Submerged Cars Raise Criminal and Environmental Concerns
“After you go about 2 foot down you can’t see anything,” diver Russell Mitchell said.
For the past two days salvage crews have worked to pull cars from Bayou St. John.
It’s all part of the search for missing teacher Terrilyn Monette; spearheaded by State Rep. Austin Badon.
He wants to make sure the bayou doesn’t hold information critical in her early March disappearance.
“Cars are stolen and they’re dumped out here,” Badon said. “Yesterday we pulled out some cars that didn’t have VIN numbers on the dashboard.” “Some of them didn’t have license plates.”
As many as 20-vehicles were identified last month when workers with Wildlife and Fisheries began searching waterways.

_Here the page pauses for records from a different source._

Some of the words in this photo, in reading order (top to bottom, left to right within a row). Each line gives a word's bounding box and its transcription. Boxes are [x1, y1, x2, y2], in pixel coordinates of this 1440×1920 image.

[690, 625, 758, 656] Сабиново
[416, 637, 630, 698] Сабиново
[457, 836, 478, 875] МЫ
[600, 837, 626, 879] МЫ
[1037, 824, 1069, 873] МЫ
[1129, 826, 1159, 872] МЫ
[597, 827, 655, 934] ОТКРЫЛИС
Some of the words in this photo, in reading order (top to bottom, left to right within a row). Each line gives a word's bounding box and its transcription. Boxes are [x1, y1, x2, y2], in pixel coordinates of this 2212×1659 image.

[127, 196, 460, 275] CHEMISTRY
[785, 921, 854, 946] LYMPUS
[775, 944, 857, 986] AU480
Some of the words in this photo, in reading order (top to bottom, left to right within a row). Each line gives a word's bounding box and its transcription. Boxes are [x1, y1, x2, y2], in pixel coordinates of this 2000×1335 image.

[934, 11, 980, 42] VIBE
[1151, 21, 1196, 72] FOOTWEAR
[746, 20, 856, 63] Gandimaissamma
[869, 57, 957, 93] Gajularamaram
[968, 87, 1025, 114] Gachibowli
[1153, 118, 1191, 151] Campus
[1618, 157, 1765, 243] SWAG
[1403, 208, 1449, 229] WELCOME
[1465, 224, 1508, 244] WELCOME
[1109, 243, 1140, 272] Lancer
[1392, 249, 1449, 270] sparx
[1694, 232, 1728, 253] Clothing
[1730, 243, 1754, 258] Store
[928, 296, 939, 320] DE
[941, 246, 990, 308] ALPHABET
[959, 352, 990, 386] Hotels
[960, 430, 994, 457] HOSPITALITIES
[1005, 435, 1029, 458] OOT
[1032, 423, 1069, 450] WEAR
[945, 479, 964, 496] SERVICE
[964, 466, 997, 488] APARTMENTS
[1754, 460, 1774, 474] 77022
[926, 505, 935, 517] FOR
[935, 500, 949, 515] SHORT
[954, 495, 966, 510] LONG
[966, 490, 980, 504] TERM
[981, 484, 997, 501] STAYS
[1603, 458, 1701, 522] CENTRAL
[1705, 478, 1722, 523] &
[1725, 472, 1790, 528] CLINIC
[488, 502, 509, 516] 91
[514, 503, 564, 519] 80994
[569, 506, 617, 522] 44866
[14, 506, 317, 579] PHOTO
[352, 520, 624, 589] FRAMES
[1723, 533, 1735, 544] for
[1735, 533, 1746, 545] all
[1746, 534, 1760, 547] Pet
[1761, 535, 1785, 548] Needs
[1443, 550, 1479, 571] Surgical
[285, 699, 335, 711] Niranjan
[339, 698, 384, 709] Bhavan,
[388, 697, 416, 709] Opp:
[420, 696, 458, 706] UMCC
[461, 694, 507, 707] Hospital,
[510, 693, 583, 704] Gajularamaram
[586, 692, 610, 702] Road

So far, the NOPD says 7 have been identified as stolen.
All vehicles recovered will be thoroughly investigated.
“Many of those cars were reported stolen from many, many year ago,” New Orleans Police Superintendent Ronal Serpas said.
There are other concerns.
The sheer number of submerged vehicles raises questions about environmental impact.
“Some of them are extremely dilapidated conditions,” Jeff Dauzat said. “They’re rusted; they’re falling apart.”
Jeff Dauzat is with the Department of Environmental Quality.
He says cars contain contaminants like mercury, battery acid, transmission and other fluids.
“Oils are contaminates, gas is a contaminant,” Dauzat explained. “It can kill fish it could kill birds, it can kill turtles, snakes; anything that’s in the bayou.”
He says it’s best to pull the cars out before contaminants leak into the bayou.
For some the effort is too little too late.
“Yesterday I remember we did find a relatively old car,” Badon said. “Some of the guys were thinking that car went back to the 70′s.” “But we did find a few cars that were from the later part of the 90′s and early 2000.”
Bayou St. John is maintained and controlled by Orleans Levee District, City Park and other city and state agencies.